# Tech Question - checking for permits on the river



## jsheglund (Feb 20, 2021)

Rec.gov bot...


Well, I suppose it was only a matter of time. Looked at Deso, and yes, they have river permits listed as well as campsites. Didn't look much past that, but it would seem for a small fee, you can get notified via SMS of available permits. Might give us that don't seem to have any luck, an edge...




www.mountainbuzz.com


----------



## Nanko (Oct 20, 2020)

jsheglund said:


> Rec.gov bot...
> 
> 
> Well, I suppose it was only a matter of time. Looked at Deso, and yes, they have river permits listed as well as campsites. Didn't look much past that, but it would seem for a small fee, you can get notified via SMS of available permits. Might give us that don't seem to have any luck, an edge...
> ...


Fuck that. I’m not remotely comfortable with that idea.


----------



## foreigner (10 mo ago)

There's a rec.gov app. Are you looking for some kind of satellite connectivity?


----------



## Nanko (Oct 20, 2020)

foreigner said:


> There's a rec.gov app. Are you looking for some kind of satellite connectivity?


yep - anything that would allow me to check said app without cell service.


----------



## foreigner (10 mo ago)

Im not aware of anything like that. All the satellite internet equipment is meant for fixed use at home I believe.


----------



## jsheglund (Feb 20, 2021)

Nanko said:


> Fuck that. I’m not remotely comfortable with that idea.


yeah, me neither, guess i misread your question! Starlink i guess...


----------



## Nanko (Oct 20, 2020)

foreigner said:


> Im not aware of anything like that. All the satellite internet equipment is meant for fixed use at home I believe.


Looks like my dreams of a rocket box permit command center are a bit of a stretch. Cmon, Elon - get to it! First world problems, indeed.


----------



## Conundrum (Aug 23, 2004)

That tech totally exists. A friend not on your trip with your rec.gov login and your calendar.


----------



## Dangerfield (May 28, 2021)

Conundrum said:


> That tech totally exists. A friend not on your trip with your rec.gov login and your calendar.

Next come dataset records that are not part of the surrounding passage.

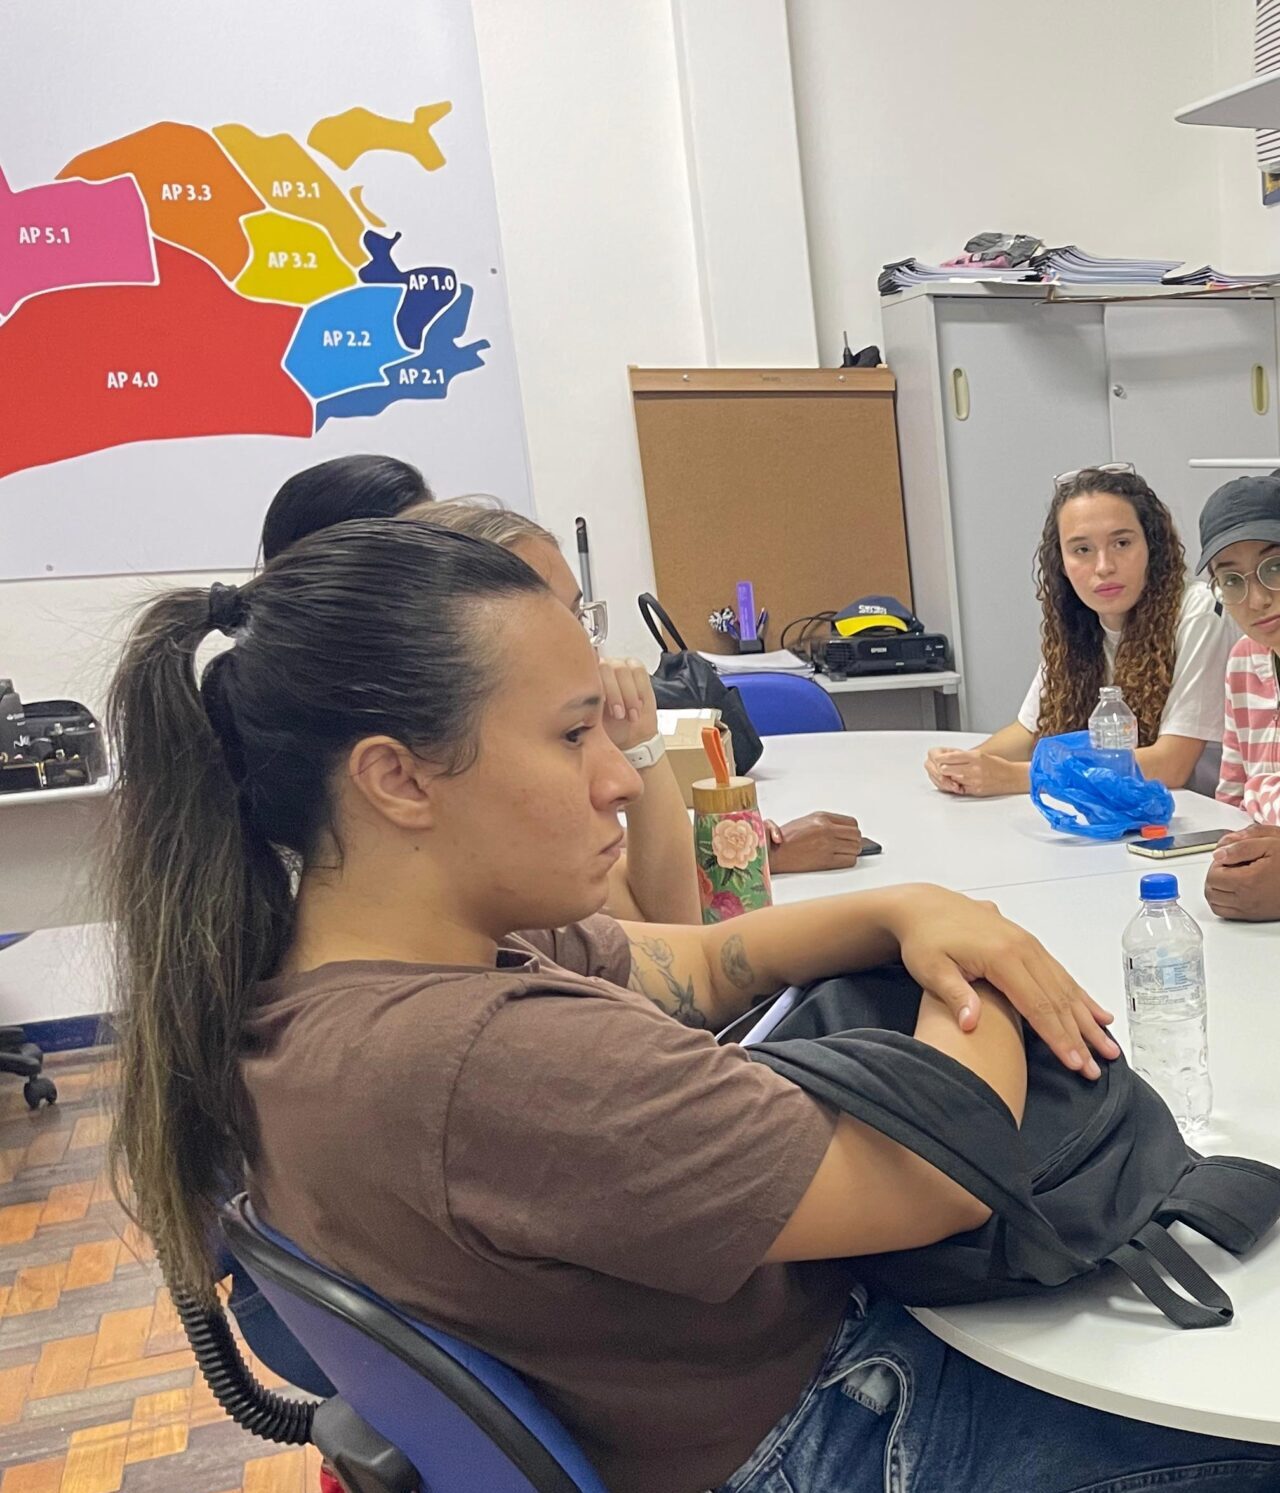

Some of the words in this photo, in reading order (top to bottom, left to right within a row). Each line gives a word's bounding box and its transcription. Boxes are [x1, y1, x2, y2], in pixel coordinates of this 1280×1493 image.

[161, 183, 182, 201] AP
[186, 184, 212, 201] 3.3
[272, 180, 292, 198] AP
[296, 181, 321, 199] 3.1
[19, 226, 41, 244] AP
[45, 227, 70, 244] 5.1
[268, 251, 289, 268] AP
[292, 252, 317, 269] 3.2
[409, 274, 429, 291] AP
[430, 275, 455, 291] 1.0
[323, 330, 343, 347] AP
[346, 330, 371, 347] 2.2
[107, 371, 129, 389] AP
[132, 371, 159, 388] 4.0
[399, 368, 419, 385] AP
[421, 368, 445, 385] 2.1

Don't forget all of your credit card info. and that friend needs to have a bit OCD to remotely have a chance.

Edit: I forgot to add the usual - screw campnab or riverrob.


----------



## Montet202 (Aug 22, 2020)

You can get satellite hot spot devices. I’ve rented one for chasing a Baja 1k race team. They are pretty expensive but work well. We rented ours from satellitephonestore.com. If you rent, they ship it to you, then you ship it back after your trip.


----------



## Nanko (Oct 20, 2020)

Nice - I’ll give that a look. Thank you!


----------